(Beginning of GIVEN RECORDS)

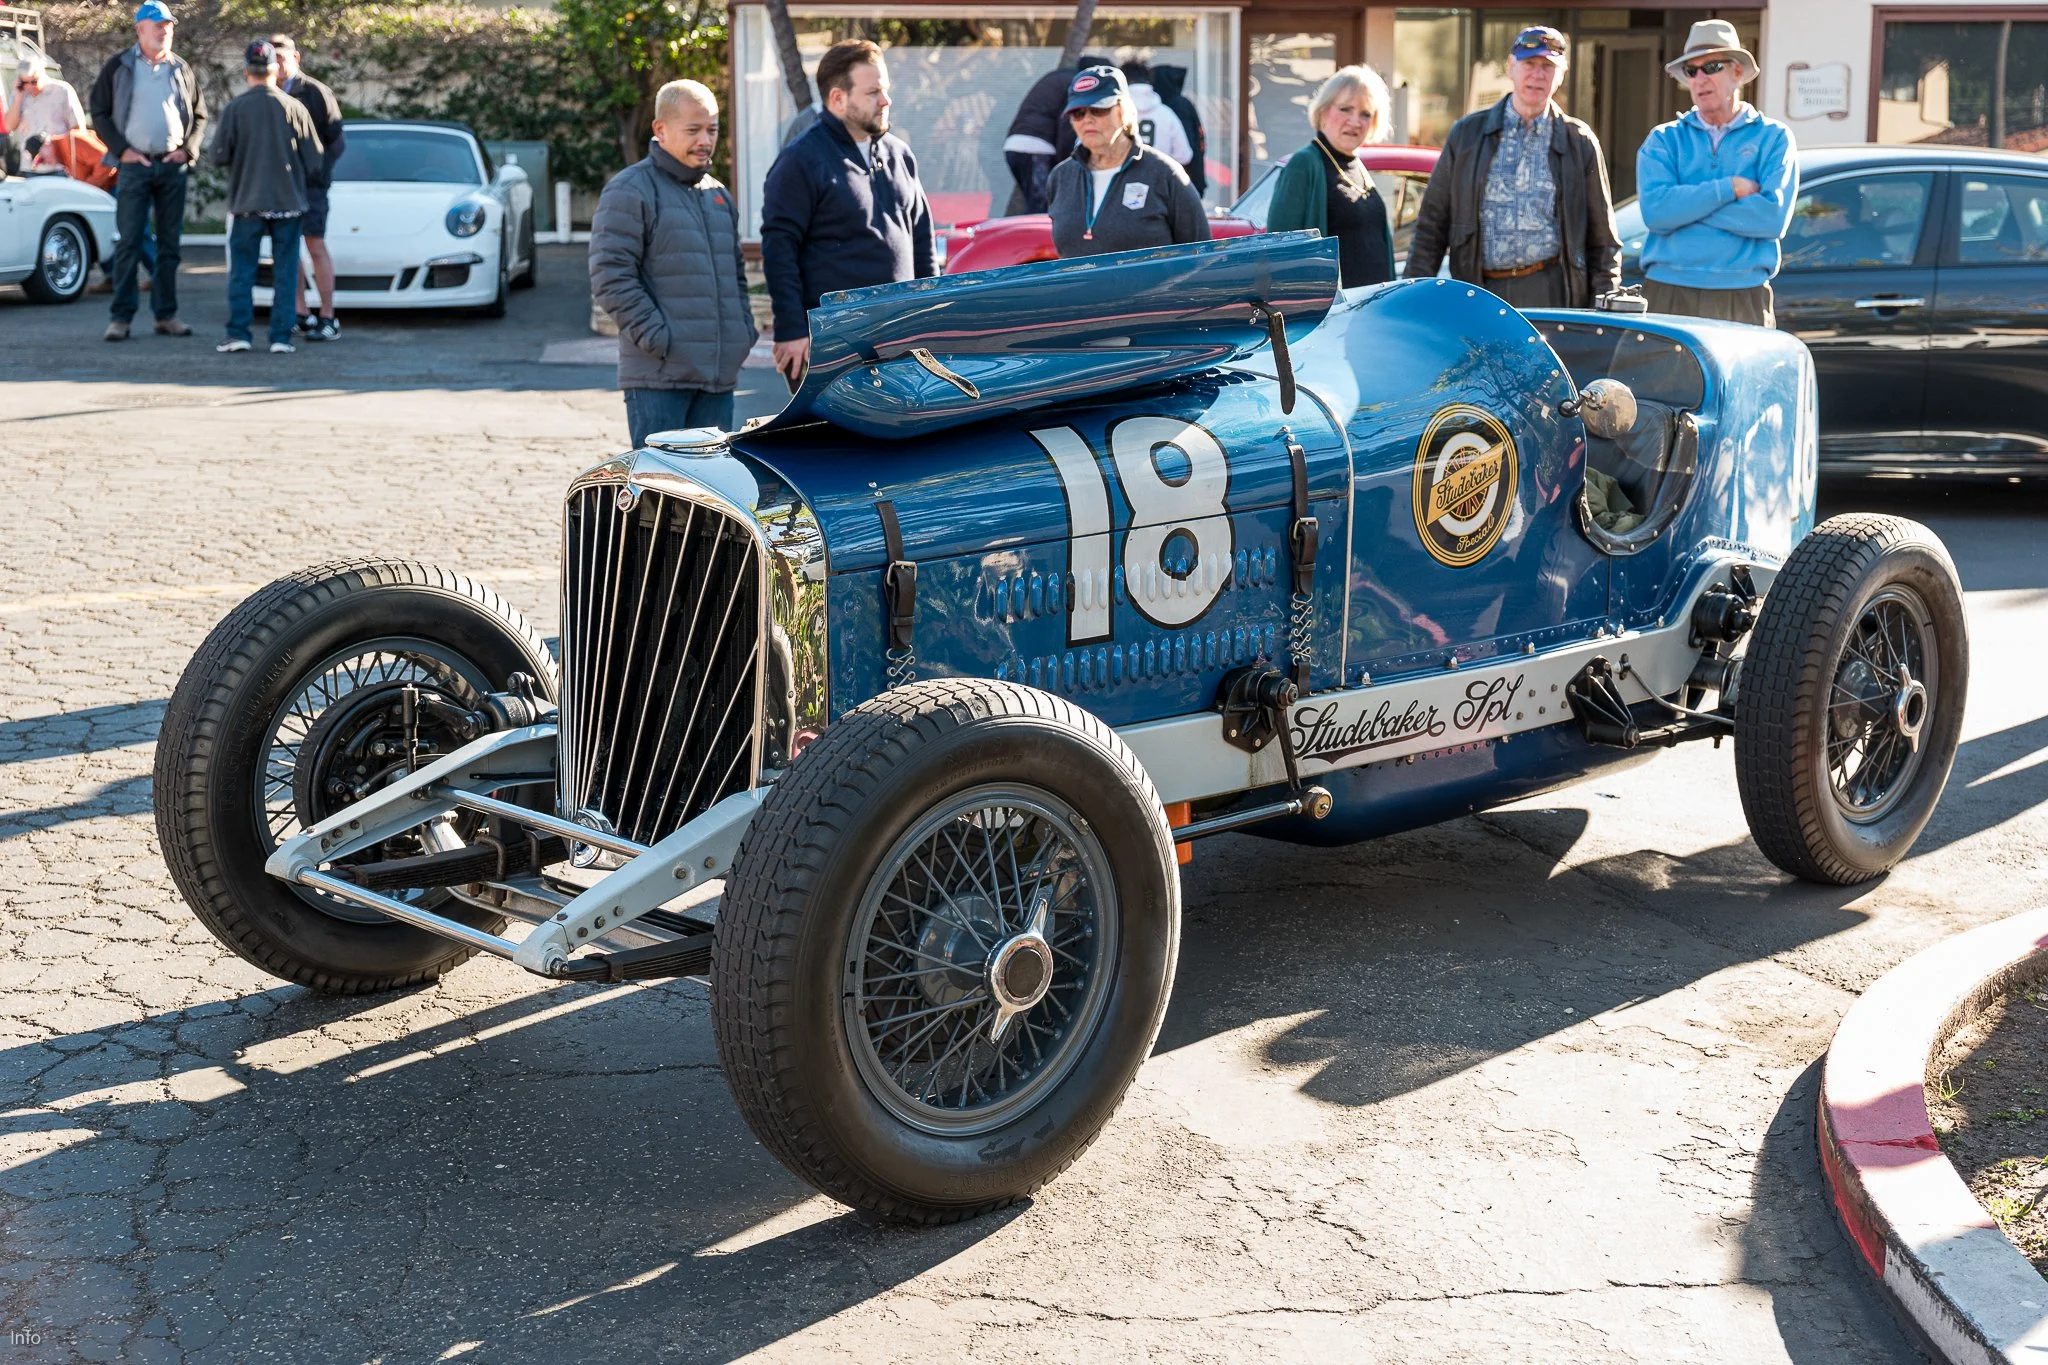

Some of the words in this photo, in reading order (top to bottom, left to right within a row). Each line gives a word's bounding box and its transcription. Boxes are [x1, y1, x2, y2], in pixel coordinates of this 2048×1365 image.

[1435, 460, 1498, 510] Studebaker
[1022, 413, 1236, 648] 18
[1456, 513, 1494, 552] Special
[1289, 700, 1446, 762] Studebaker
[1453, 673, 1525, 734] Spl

(End of GIVEN RECORDS)

• **TASK INSTRUCTIONS**
What's needed is an exact copy of every entry, free of pictures.

• **OUTPUT FOR THIS TASK**
Some of the words in this photo, in reading order (top to bottom, left to right within a row). Each line gives a word's bounding box and its transcription. Boxes are [x1, y1, x2, y2], in pixel coordinates of this 2048×1365 image.

[1435, 460, 1498, 510] Studebaker
[1022, 413, 1236, 648] 18
[1456, 513, 1494, 552] Special
[1289, 700, 1446, 762] Studebaker
[1453, 673, 1525, 734] Spl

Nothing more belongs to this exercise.